[[ RECORDS PROVIDED open ]]

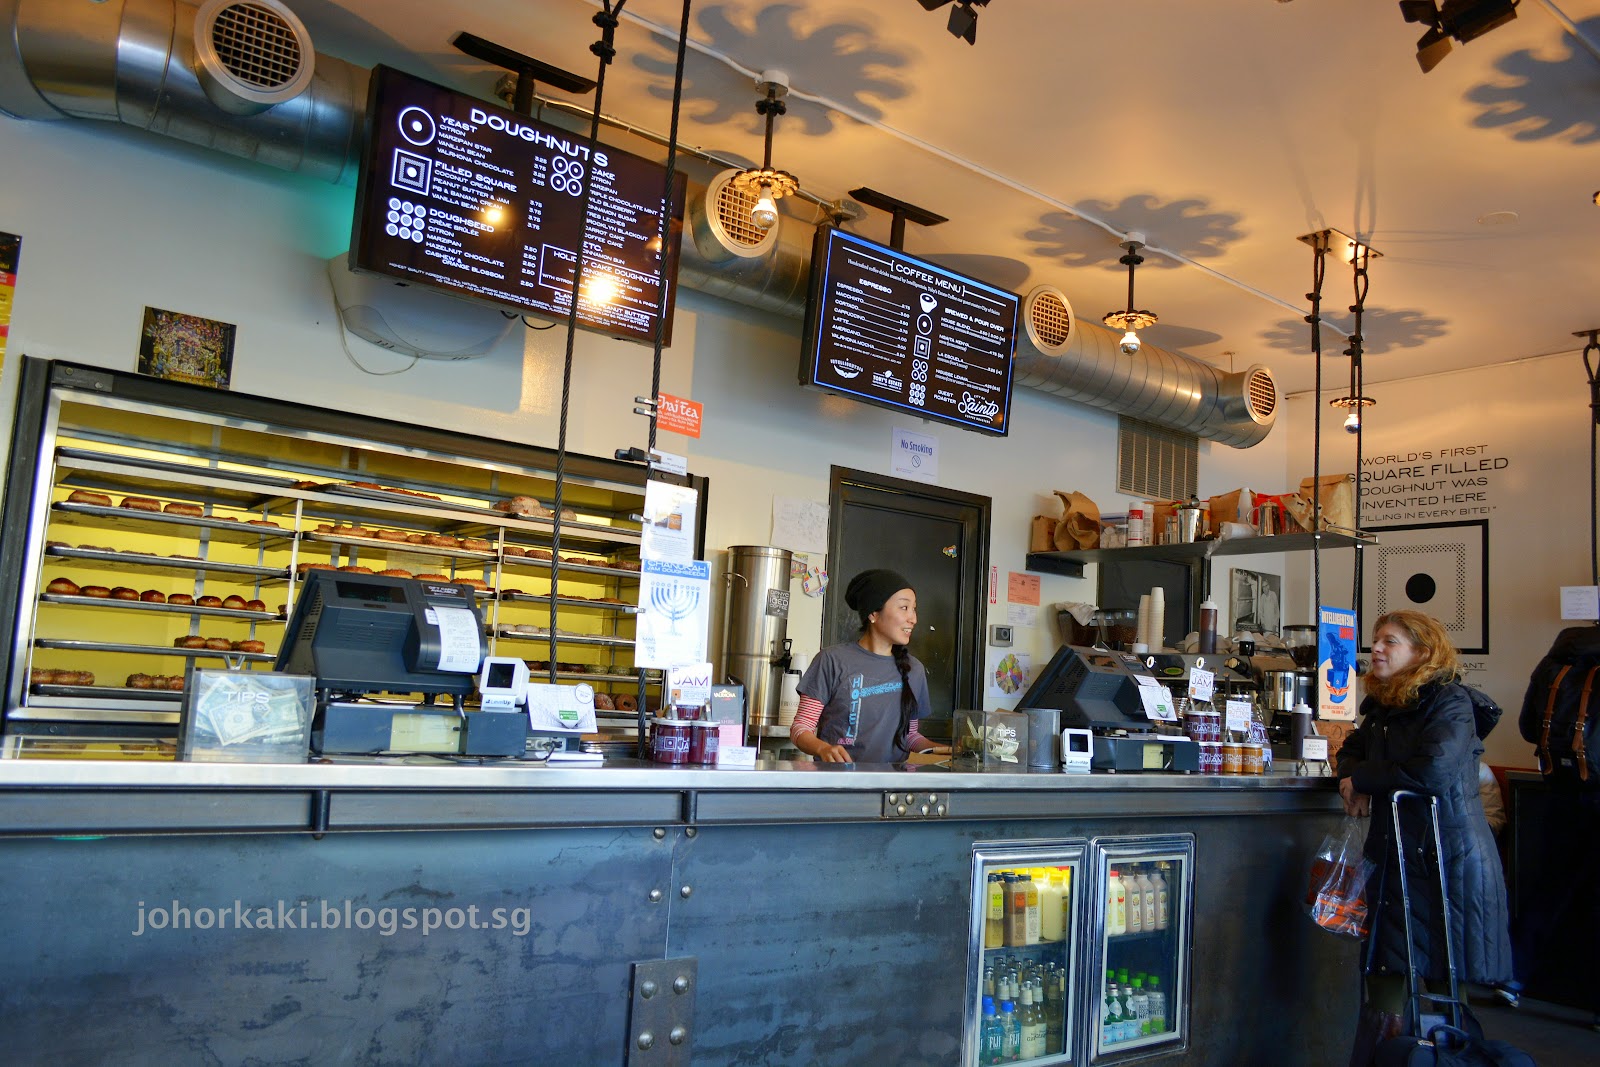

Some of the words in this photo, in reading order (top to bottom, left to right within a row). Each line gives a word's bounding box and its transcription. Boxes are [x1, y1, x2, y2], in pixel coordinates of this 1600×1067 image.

[439, 124, 466, 137] CITRON
[441, 115, 478, 133] YEAST
[470, 108, 609, 167] DOUGHNUTS
[438, 140, 465, 153] VANILLA
[467, 149, 485, 159] BEAN
[439, 132, 473, 147] MARZIPAN
[474, 143, 492, 154] STAR
[533, 163, 546, 172] 3.75
[437, 147, 472, 163] VALRHONA
[474, 160, 515, 177] CHOCOLATE
[434, 169, 468, 183] COCONUT
[469, 181, 493, 191] CREAM
[435, 160, 472, 178] FILLED
[475, 174, 517, 193] SQUARE
[433, 177, 460, 189] PEANUT
[462, 186, 488, 198] BUTTER
[496, 197, 510, 205] JAM
[431, 193, 459, 206] VANILLA
[461, 201, 480, 212] BEAN
[450, 190, 478, 203] BANANA
[479, 199, 503, 210] CREAM
[608, 196, 643, 212] CHOCOLATE
[644, 207, 658, 216] MINT
[603, 202, 636, 216] BLUEBERRY
[429, 208, 494, 233] DOUGHSEED
[602, 216, 626, 227] LECHES
[618, 213, 637, 223] SUGAR
[428, 226, 455, 237] CITRON
[609, 233, 625, 242] CAKE
[618, 228, 648, 242] BLACKOUT
[426, 234, 462, 247] MARZIPAN
[583, 241, 603, 252] ETC.
[607, 240, 623, 248] CAKE
[425, 241, 462, 256] HAZELNUT
[464, 252, 504, 268] CHOCOLATE
[425, 249, 455, 261] CASHEW
[613, 257, 625, 265] BUN
[442, 260, 470, 271] ORANGE
[471, 266, 504, 280] BLOSSOM
[590, 262, 612, 273] CAKE
[896, 264, 934, 284] COFFEE
[935, 278, 961, 293] MENU
[837, 282, 863, 294] ESPRESSO
[859, 278, 892, 294] ESPRESSO
[836, 290, 864, 303] MACCHIATO
[835, 299, 858, 310] CORTADO
[625, 309, 650, 320] BUTTER
[833, 316, 849, 324] LATTE
[834, 307, 865, 321] CAPPUCCINO
[945, 307, 968, 320] BREWED
[974, 318, 989, 327] POUR
[990, 323, 1004, 332] OVER
[832, 324, 861, 337] AMERICANO
[933, 394, 956, 404] ROASTER
[938, 390, 953, 398] GUEST
[680, 401, 699, 419] Tea
[958, 391, 999, 416] Saints
[901, 439, 908, 449] No
[910, 441, 932, 456] Smoking
[1360, 450, 1433, 467] WORLD'S
[1440, 444, 1488, 458] FIRST
[1431, 457, 1509, 476] FILLED
[1360, 480, 1448, 497] DOUGHNUT
[1451, 476, 1488, 489] WAS
[1361, 495, 1439, 511] INVENTED
[1443, 491, 1487, 504] HERE
[1403, 512, 1416, 520] IN
[1417, 509, 1456, 519] EVERY
[662, 568, 706, 577] DOUGHSEEDS
[770, 597, 788, 605] ICED
[673, 676, 708, 686] JAM
[1191, 678, 1212, 688] JAM
[1192, 672, 1212, 681] PLANT
[223, 691, 270, 704] TIPS
[846, 677, 860, 738] HOTEL
[997, 729, 1016, 737] TIPS
[989, 1036, 1001, 1048] FIJI
[1010, 1033, 1020, 1045] FIJI

[[ RECORDS PROVIDED closed ]]

- WHAT YOU ARE ASKED TO DO
Each line above should be written out again exactly, without any image.

- SOLVED PROBLEM
Some of the words in this photo, in reading order (top to bottom, left to right within a row). Each line gives a word's bounding box and its transcription. Boxes are [x1, y1, x2, y2], in pixel coordinates of this 1600×1067 image.

[439, 124, 466, 137] CITRON
[441, 115, 478, 133] YEAST
[470, 108, 609, 167] DOUGHNUTS
[438, 140, 465, 153] VANILLA
[467, 149, 485, 159] BEAN
[439, 132, 473, 147] MARZIPAN
[474, 143, 492, 154] STAR
[533, 163, 546, 172] 3.75
[437, 147, 472, 163] VALRHONA
[474, 160, 515, 177] CHOCOLATE
[434, 169, 468, 183] COCONUT
[469, 181, 493, 191] CREAM
[435, 160, 472, 178] FILLED
[475, 174, 517, 193] SQUARE
[433, 177, 460, 189] PEANUT
[462, 186, 488, 198] BUTTER
[496, 197, 510, 205] JAM
[431, 193, 459, 206] VANILLA
[461, 201, 480, 212] BEAN
[450, 190, 478, 203] BANANA
[479, 199, 503, 210] CREAM
[608, 196, 643, 212] CHOCOLATE
[644, 207, 658, 216] MINT
[603, 202, 636, 216] BLUEBERRY
[429, 208, 494, 233] DOUGHSEED
[602, 216, 626, 227] LECHES
[618, 213, 637, 223] SUGAR
[428, 226, 455, 237] CITRON
[609, 233, 625, 242] CAKE
[618, 228, 648, 242] BLACKOUT
[426, 234, 462, 247] MARZIPAN
[583, 241, 603, 252] ETC.
[607, 240, 623, 248] CAKE
[425, 241, 462, 256] HAZELNUT
[464, 252, 504, 268] CHOCOLATE
[425, 249, 455, 261] CASHEW
[613, 257, 625, 265] BUN
[442, 260, 470, 271] ORANGE
[471, 266, 504, 280] BLOSSOM
[590, 262, 612, 273] CAKE
[896, 264, 934, 284] COFFEE
[935, 278, 961, 293] MENU
[837, 282, 863, 294] ESPRESSO
[859, 278, 892, 294] ESPRESSO
[836, 290, 864, 303] MACCHIATO
[835, 299, 858, 310] CORTADO
[625, 309, 650, 320] BUTTER
[833, 316, 849, 324] LATTE
[834, 307, 865, 321] CAPPUCCINO
[945, 307, 968, 320] BREWED
[974, 318, 989, 327] POUR
[990, 323, 1004, 332] OVER
[832, 324, 861, 337] AMERICANO
[933, 394, 956, 404] ROASTER
[938, 390, 953, 398] GUEST
[680, 401, 699, 419] Tea
[958, 391, 999, 416] Saints
[901, 439, 908, 449] No
[910, 441, 932, 456] Smoking
[1360, 450, 1433, 467] WORLD'S
[1440, 444, 1488, 458] FIRST
[1431, 457, 1509, 476] FILLED
[1360, 480, 1448, 497] DOUGHNUT
[1451, 476, 1488, 489] WAS
[1361, 495, 1439, 511] INVENTED
[1443, 491, 1487, 504] HERE
[1403, 512, 1416, 520] IN
[1417, 509, 1456, 519] EVERY
[662, 568, 706, 577] DOUGHSEEDS
[770, 597, 788, 605] ICED
[673, 676, 708, 686] JAM
[1191, 678, 1212, 688] JAM
[1192, 672, 1212, 681] PLANT
[223, 691, 270, 704] TIPS
[846, 677, 860, 738] HOTEL
[997, 729, 1016, 737] TIPS
[989, 1036, 1001, 1048] FIJI
[1010, 1033, 1020, 1045] FIJI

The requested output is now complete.